Professor John Stankovic gives talk on wireless health at ICSL seminar

Title:  
Technical Solutions Underlying Wireless Health Systems

Abstract:
Various types of wireless health systems have been deployed in 1000s of homes. Thousands of wellness apps are available for smart phones. However, the purpose, value, and capabilities of these systems span a very broad spectrum from the very general to the very specific. While the ultimate goal is good health, there are many underlying technical issues that must be solved. In this talk I present a collection of technical problems and solutions primarily for in-home health care and mobile based wellness apps. The technical topics addressed include: a flexible in-home sensor network and cloud architecture, called Empath, and its use with real patients, a multi-level semantic-based classification and anomaly detection subsystem, and controlling heart rate with music based on a PI controller. Dealing with realisms found in these systems is a main theme that runs throughout the talk. Open research questions are also mentioned throughout the talk.

Biography: 
Professor John A. Stankovic is the BP America Professor in the Computer Science Department at the University of Virginia. He served as Chair of the department, completing two terms (8 years).  He is a Fellow of both the IEEE and the ACM. He was awarded an Honorary Doctorate from the University of York.

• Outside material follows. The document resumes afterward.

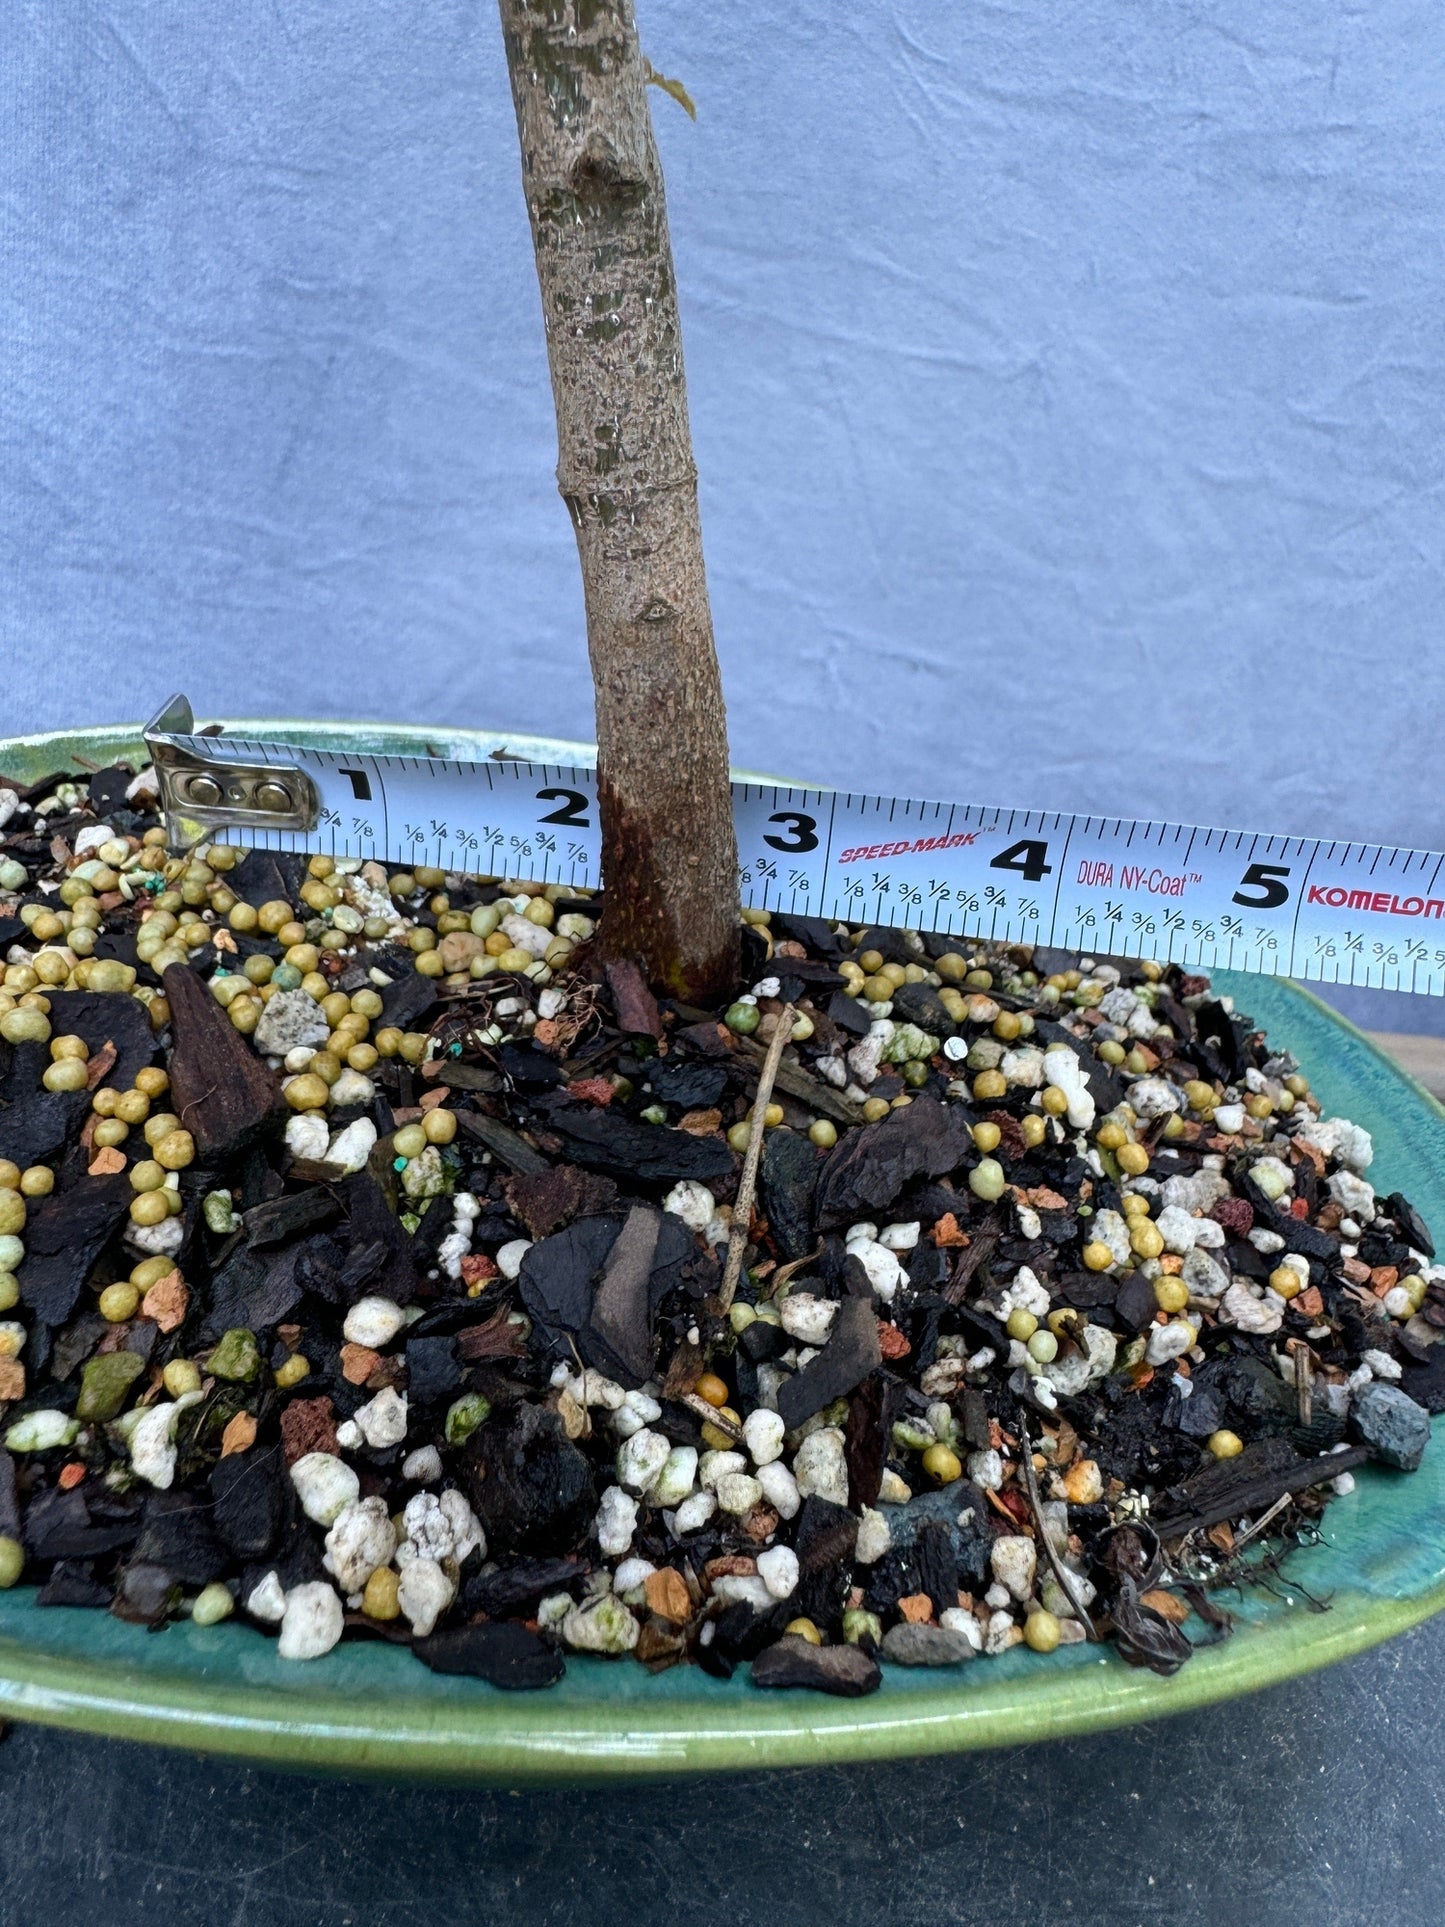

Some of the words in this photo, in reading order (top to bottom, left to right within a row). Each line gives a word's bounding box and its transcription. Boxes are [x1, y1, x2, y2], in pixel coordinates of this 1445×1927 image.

He won the IEEE Real-Time Systems Technical Committee’s Award for Outstanding Technical Contributions and Leadership. He also won the IEEE Distributed Processing Technical Committee’s Award for Distinguished Achievement (inaugural winner). He has won seven best paper awards and several best paper runner-up awards in wireless sensor networks research. He is highly cited (h-index is 105) and presented many Invited Keynotes and Distinguished Lectures. Currently, he serves on the National Academy’s Computer Science and Telecommunications Board. He was awarded the University of Virginia’s, Distinguished Scientist Award (2015) and its School of Engineering Distinguished Faculty Award (2010). Before joining the University of Virginia, Professor Stankovic taught at the University of Massachusetts where he won an outstanding scholar award. He was the Editor-in-Chief for the IEEE Transactions on Distributed and Parallel Systems and was a founder and co-editor-in-chief for the Real-Time Systems Journal. His research interests are in wireless health, wireless sensor networks, cyber physical systems, real-time systems, and the Internet of Things. Prof. Stankovic received his PhD from Brown University.